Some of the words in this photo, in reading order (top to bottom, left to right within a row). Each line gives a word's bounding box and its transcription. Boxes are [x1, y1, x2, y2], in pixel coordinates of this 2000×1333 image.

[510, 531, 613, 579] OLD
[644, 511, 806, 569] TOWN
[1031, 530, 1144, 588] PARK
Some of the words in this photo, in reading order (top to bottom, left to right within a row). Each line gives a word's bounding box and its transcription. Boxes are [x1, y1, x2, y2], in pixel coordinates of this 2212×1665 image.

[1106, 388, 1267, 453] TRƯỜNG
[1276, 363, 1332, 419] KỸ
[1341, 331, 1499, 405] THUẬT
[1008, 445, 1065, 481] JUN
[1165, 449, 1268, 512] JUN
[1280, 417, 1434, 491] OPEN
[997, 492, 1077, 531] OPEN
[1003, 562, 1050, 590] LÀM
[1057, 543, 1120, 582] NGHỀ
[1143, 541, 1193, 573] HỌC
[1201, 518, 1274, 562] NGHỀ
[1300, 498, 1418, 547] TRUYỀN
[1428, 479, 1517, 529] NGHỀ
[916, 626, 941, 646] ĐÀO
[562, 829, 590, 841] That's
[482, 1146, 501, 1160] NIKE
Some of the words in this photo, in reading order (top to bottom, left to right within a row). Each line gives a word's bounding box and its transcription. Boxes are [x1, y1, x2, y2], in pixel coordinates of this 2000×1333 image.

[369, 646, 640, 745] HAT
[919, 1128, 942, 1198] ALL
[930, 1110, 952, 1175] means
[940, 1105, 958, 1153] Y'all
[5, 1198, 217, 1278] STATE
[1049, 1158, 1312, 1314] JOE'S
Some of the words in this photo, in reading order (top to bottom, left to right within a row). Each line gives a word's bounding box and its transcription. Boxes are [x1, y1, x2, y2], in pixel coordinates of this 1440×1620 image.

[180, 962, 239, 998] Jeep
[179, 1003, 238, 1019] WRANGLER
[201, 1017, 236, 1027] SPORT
- - - - -
### Activity
All of the data needs to be printed once more, exactly.

### Answer for the task
Some of the words in this photo, in reading order (top to bottom, left to right within a row). Each line gives a word's bounding box and its transcription. Boxes are [x1, y1, x2, y2], in pixel coordinates of this 2000×1333 image.

[510, 531, 613, 579] OLD
[644, 511, 806, 569] TOWN
[1031, 530, 1144, 588] PARK
Some of the words in this photo, in reading order (top to bottom, left to right within a row). Each line gives a word's bounding box and its transcription. Boxes are [x1, y1, x2, y2], in pixel coordinates of this 2212×1665 image.

[1106, 388, 1267, 453] TRƯỜNG
[1276, 363, 1332, 419] KỸ
[1341, 331, 1499, 405] THUẬT
[1008, 445, 1065, 481] JUN
[1165, 449, 1268, 512] JUN
[1280, 417, 1434, 491] OPEN
[997, 492, 1077, 531] OPEN
[1003, 562, 1050, 590] LÀM
[1057, 543, 1120, 582] NGHỀ
[1143, 541, 1193, 573] HỌC
[1201, 518, 1274, 562] NGHỀ
[1300, 498, 1418, 547] TRUYỀN
[1428, 479, 1517, 529] NGHỀ
[916, 626, 941, 646] ĐÀO
[562, 829, 590, 841] That's
[482, 1146, 501, 1160] NIKE
Some of the words in this photo, in reading order (top to bottom, left to right within a row). Each line gives a word's bounding box and its transcription. Boxes are [x1, y1, x2, y2], in pixel coordinates of this 2000×1333 image.

[369, 646, 640, 745] HAT
[919, 1128, 942, 1198] ALL
[930, 1110, 952, 1175] means
[940, 1105, 958, 1153] Y'all
[5, 1198, 217, 1278] STATE
[1049, 1158, 1312, 1314] JOE'S
Some of the words in this photo, in reading order (top to bottom, left to right within a row). Each line gives a word's bounding box and its transcription. Boxes are [x1, y1, x2, y2], in pixel coordinates of this 1440×1620 image.

[180, 962, 239, 998] Jeep
[179, 1003, 238, 1019] WRANGLER
[201, 1017, 236, 1027] SPORT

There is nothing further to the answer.